= Canoe sailing =

Sailing by fitting a sail to a canoe

Canoe sailing refers to the practice of fitting an Austronesian outrigger or Western canoe with sails.

==Austronesian sailing canoes==

The outrigger canoe was one of the key technological innovations of the Austronesian peoples. Although there is little archeological evidence due to perishable building materials, comparative reconstructions indicate that Austronesians already had the distinctive outrigger and crab claw sail technology from at least 2000 BCE. These boats (as well as derivative technologies like the catamaran) enabled them to colonize the islands of Southeast Asia and then later on to Madagascar, the Pacific Islands, and New Zealand.

Outrigger canoes like the va'a, paraw, jukung, vinta, and proa are still used today by traditional fishermen and traders in most of Southeast Asia and Madagascar, and in parts of Oceania. They are constructed from traditional materials, though most incorporate motor engines instead of a sail.

In other regions like Hawaii, Tahiti, and New Zealand, outrigger canoes are generally restricted to sport sailing and racing. Modern sailing outrigger canoes are usually made from glass-reinforced and carbon fiber-reinforced polymer, with sails made from Dacron and Kevlar.

Hōkūleʻa is a modern interpretation of a Polynesian voyaging canoe. It is made from modern materials such as fibreglass, plywood, resin glue, terylene sails and ropes with modern fittings and safety equipment. In contrast with smaller outrigger canoes meant to stay within sight of land, Hōkūleʻa and other double hulled canoes are large and capable seagoing vessels typically in excess of 40 feet in length. A wide array of these double hulled or voyaging canoe are documented in ethnohistoric sources which note a wide variety in size, hull shape, rigging style, and aesthetics. These large voyaging canoes are the main mechanism by which the wider Pacific Ocean was first peopled and in their modern capacity often serve as educational tools both preserving and communicating ancient voyaging techniques. While Hōkūleʻa is undoubtedly the most famous Austronesian sailing canoe, there are many other examples across the Pacific.

==Modern sailing canoes==

John MacGregor of Scotland is generally believed to have developed the first modern sailing canoes. During the 1860s, he had at least seven boats built that he called Rob Roys and sailed and paddled them in Europe, the Baltic and the Middle East. He also wrote a book which popularized the design and the concept: "in walking you are bounded by every sea and river, and in a common sailing-boat you are bounded by every shallow and shore; whereas, ...a canoe [can] be paddled or sailed, or hauled, or carried over land or water" (1000 Miles in the Rob Roy Canoe).

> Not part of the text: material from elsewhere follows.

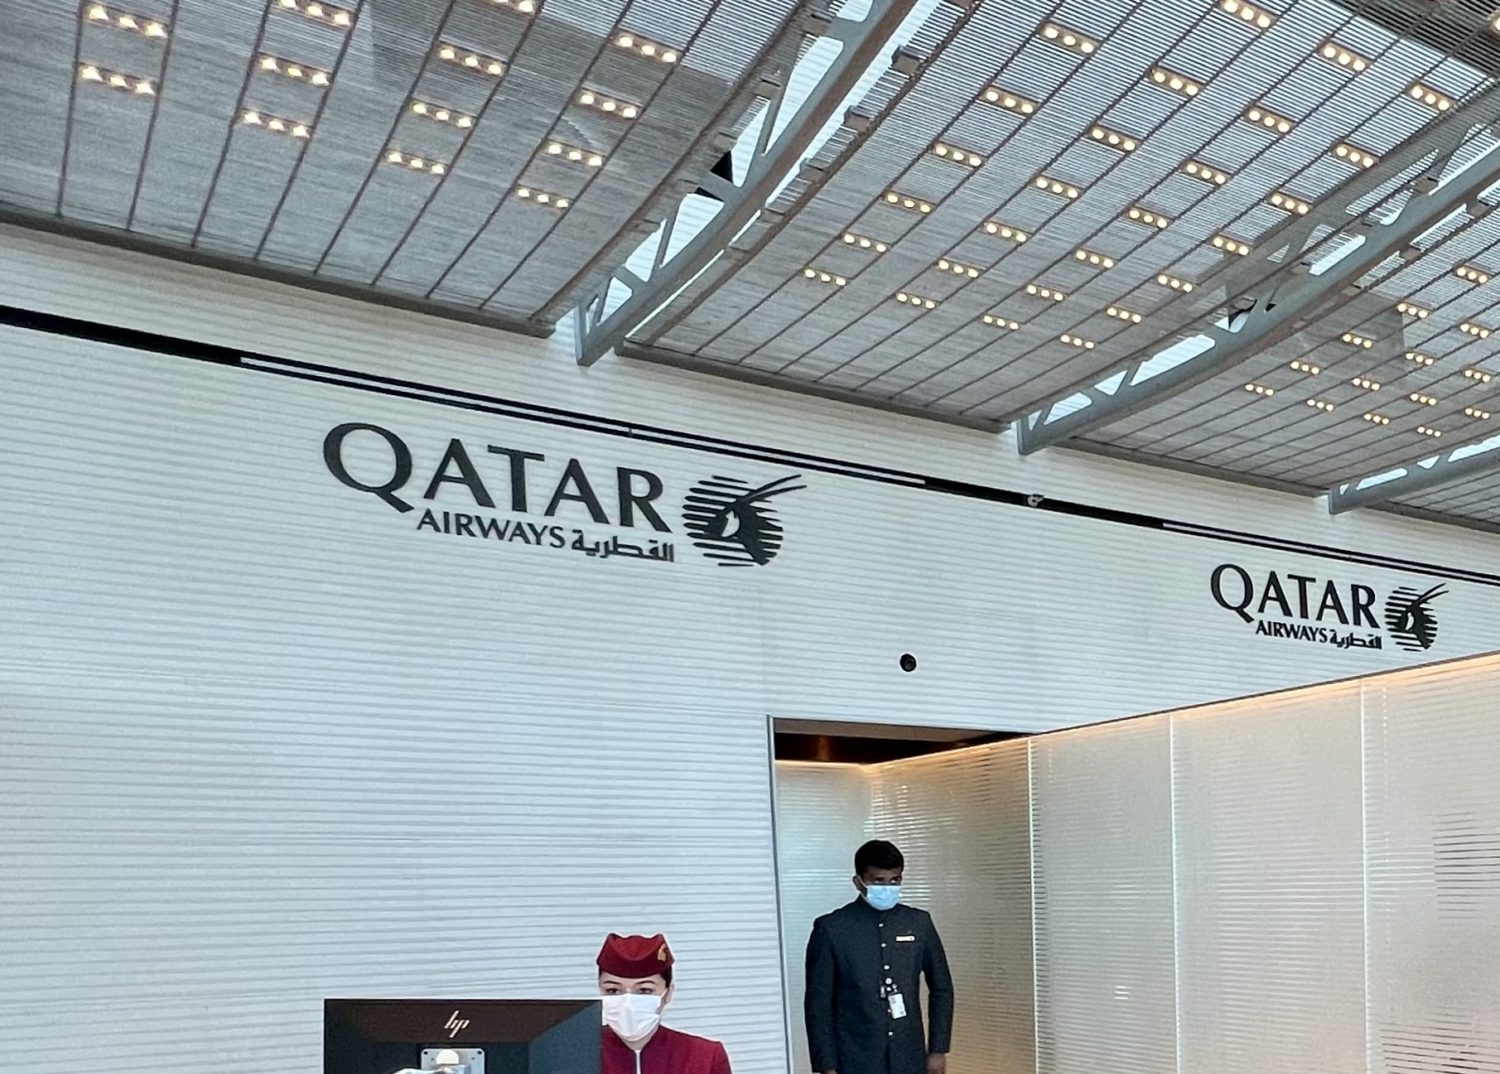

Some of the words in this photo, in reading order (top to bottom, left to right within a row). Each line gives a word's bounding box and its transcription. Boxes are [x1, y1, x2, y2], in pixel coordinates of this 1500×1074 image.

MacGregor founded the British Royal Canoe Club (RCC) in 1866.

The New York Canoe Club followed about six years later.

The American Canoe Association (ACA) was founded in 1880. In 1883, ACA Secretary Charles Neide and retired sea captain “Barnacle” Kendall paddled and sailed over three thousand miles from Lake George, New York to Pensacola, Florida.

In 1886 the ACA and the RCC held the first international canoe sailing regatta. Swedish naval officer Carl Smith did much to promote canoe sailing in Scandinavia; he also designed several types of sailing canoes.

In 1991 American Howard Rice sailed and paddled a sailing canoe solo around Cape Horn, Chile considered historically to be the Mount Everest of sailing challenges. He was awarded a Certificate of Merit by the Chilean Navy and inducted into the Cape Horners Society.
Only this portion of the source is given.